____ Source records

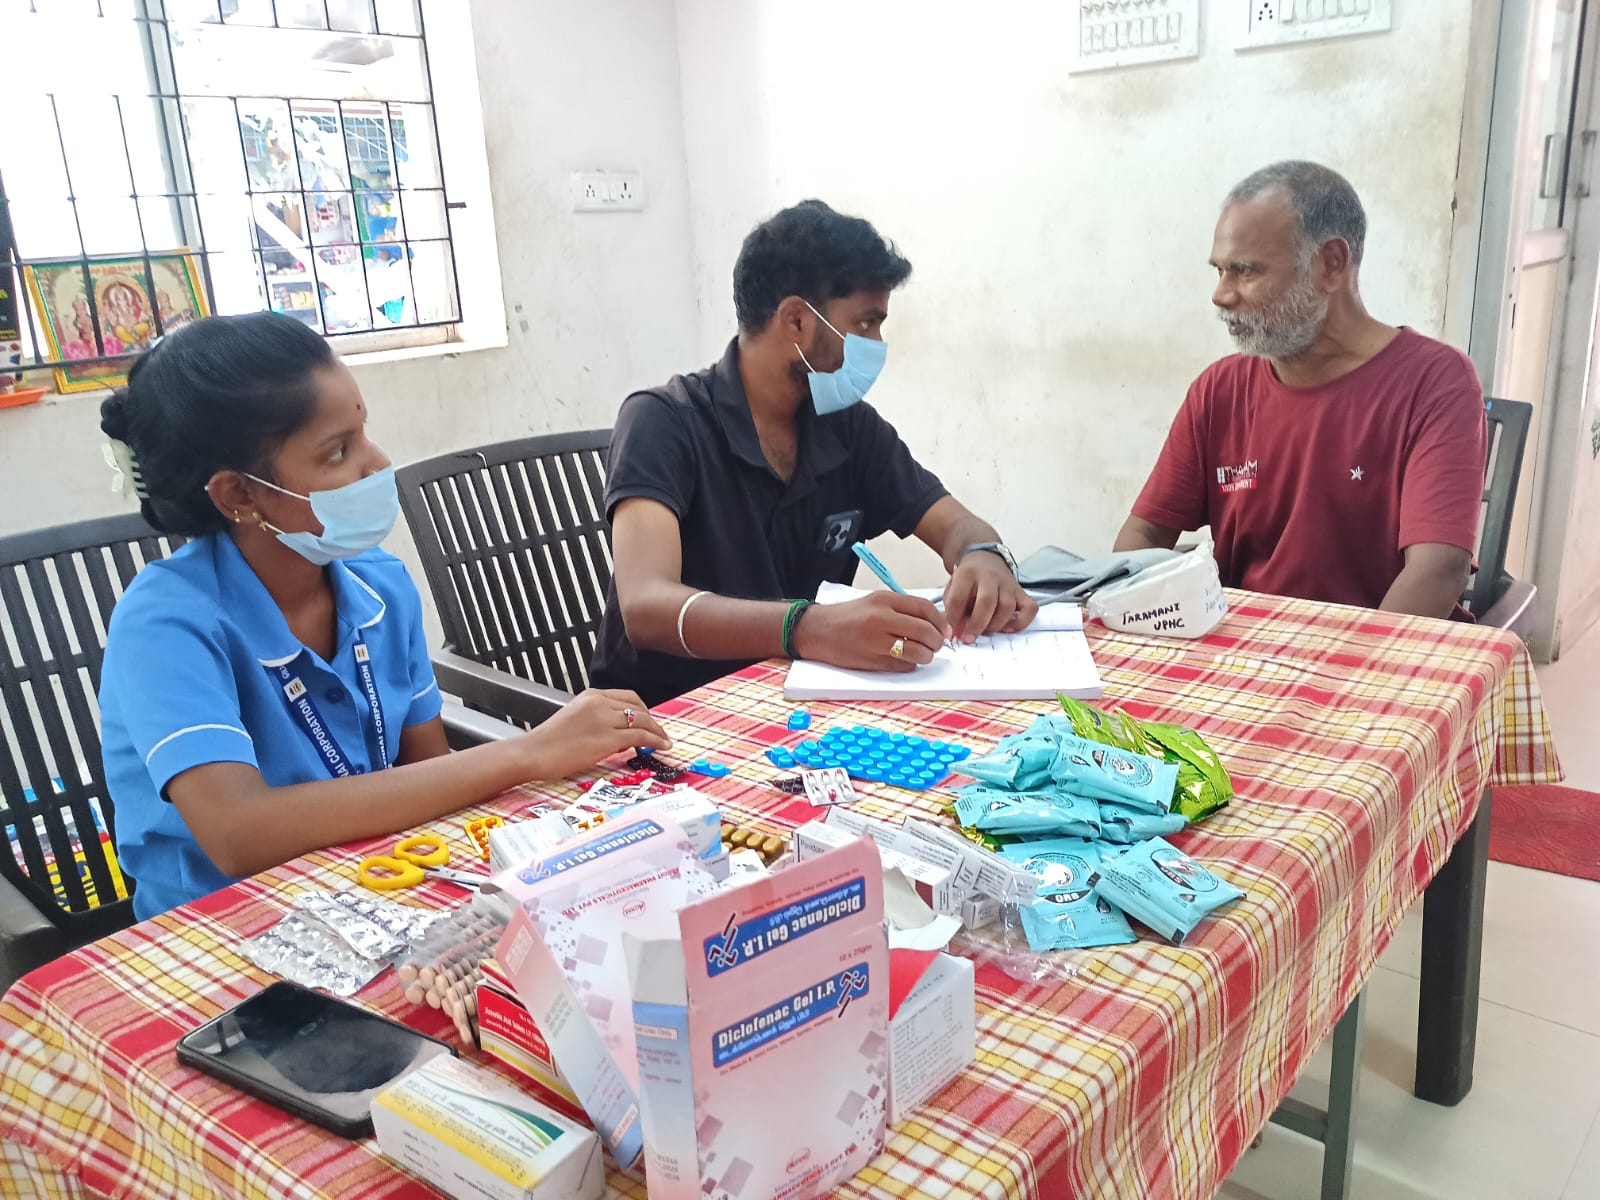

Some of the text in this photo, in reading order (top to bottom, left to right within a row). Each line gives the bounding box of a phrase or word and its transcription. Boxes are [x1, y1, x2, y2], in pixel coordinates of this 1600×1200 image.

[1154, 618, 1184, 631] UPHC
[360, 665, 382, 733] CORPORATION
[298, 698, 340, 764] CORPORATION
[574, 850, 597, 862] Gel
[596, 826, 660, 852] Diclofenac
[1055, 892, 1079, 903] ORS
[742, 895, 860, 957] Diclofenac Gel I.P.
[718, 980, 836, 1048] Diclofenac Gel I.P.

________

About this exercise »
Please return all of the entries word for word, excluding the pictures.

Response below »
Some of the text in this photo, in reading order (top to bottom, left to right within a row). Each line gives the bounding box of a phrase or word and its transcription. Boxes are [x1, y1, x2, y2], in pixel coordinates of this 1600×1200 image.

[1154, 618, 1184, 631] UPHC
[360, 665, 382, 733] CORPORATION
[298, 698, 340, 764] CORPORATION
[574, 850, 597, 862] Gel
[596, 826, 660, 852] Diclofenac
[1055, 892, 1079, 903] ORS
[742, 895, 860, 957] Diclofenac Gel I.P.
[718, 980, 836, 1048] Diclofenac Gel I.P.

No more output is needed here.